Another instance of public shaming in 2015 comes to mind at this juncture: that of Walter Palmer. He is the American dentist who, as the Telegraph revealed in late July, killed Cecil the Lion, one of Zimbabwe’s most beloved and iconic lions. The general public was immediately apoplectic and took to social media in a collective rage to attack Palmer, often very personally. Palmer eventually went into hiding and his dental practice briefly shut down.
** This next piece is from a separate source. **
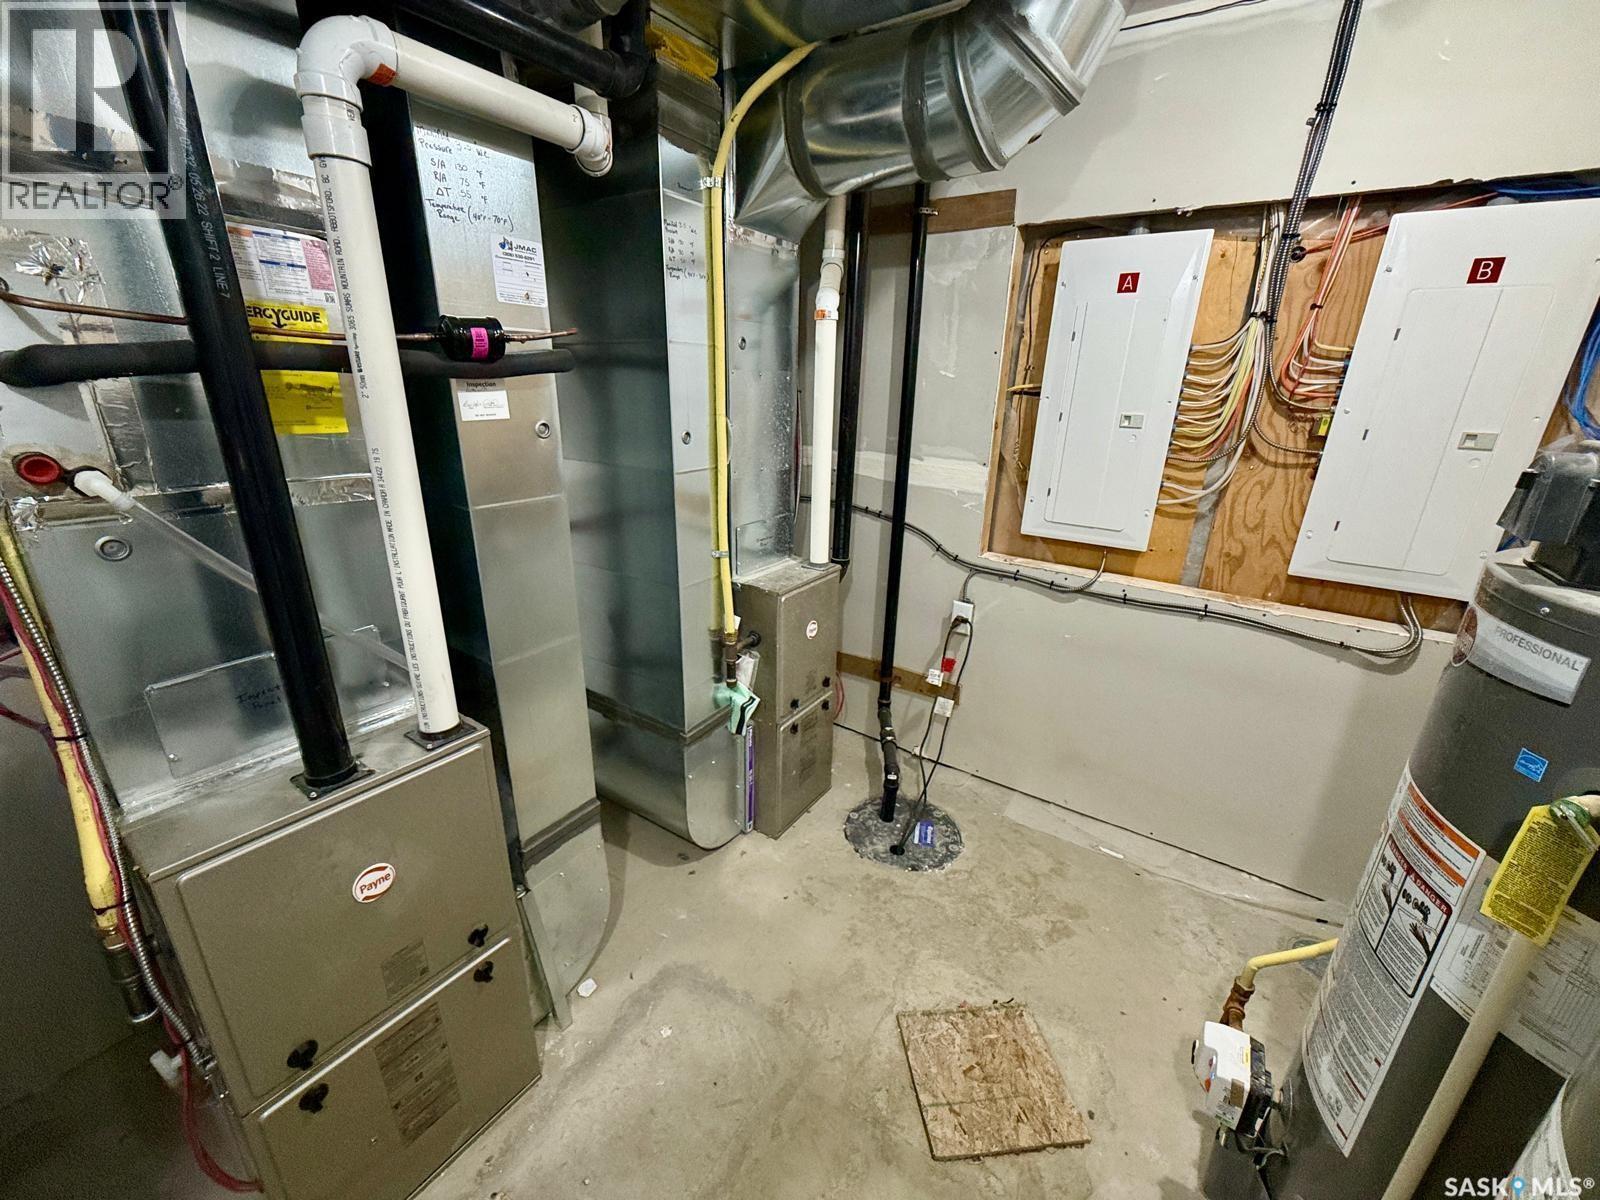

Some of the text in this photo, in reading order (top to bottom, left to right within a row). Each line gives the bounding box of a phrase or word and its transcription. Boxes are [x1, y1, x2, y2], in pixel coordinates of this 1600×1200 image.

As it happens, Palmer was also temporarily the subject of an investigation, as the U.S. Fish and Wildlife Service sought to determine whether the killing had been illegal. There was, equally, a simultaneous investigation launched in Zimbabwe. In the end, neither country charged Palmer with anything. For the online warriors, it was undoubtedly a disappointing end, had they been paying much attention by that point. Yet, justice—the kind that exists in a system beyond the Internet—had been activated.

Which might make us wonder about Shkreli. At what point will we, who were so annoyed by this jerk only weeks ago, accept that he has been brought to justice? Was it this week, with his arrest for an unrelated crime nobody knew about until now? Was the sight of him being hauled off by police, under investigation, punishment enough? What were we fighting for, anyway? Will his arrest mean the cost of Daraprim drops, or that the Wu-Tang album goes to someone better?

And what happens if, after all is said and done, it’s determined that he’s innocent—or that, at the very least, he won’t serve any time in prison? Technically, justice will have been served, but likely not the way we wanted it to. Not in the way that feels right.

That’s the thing with Thursday’s arrest: it feels good. It feels like all those of us who bashed Shkreli from our social media platforms were correct in our vitriol and disdain, that our sense of righteousness is on point, that we know best what is right and wrong. It feels like justice. And, in fact, it is. But it is worth remembering that the Internet is not the one that ultimately served it.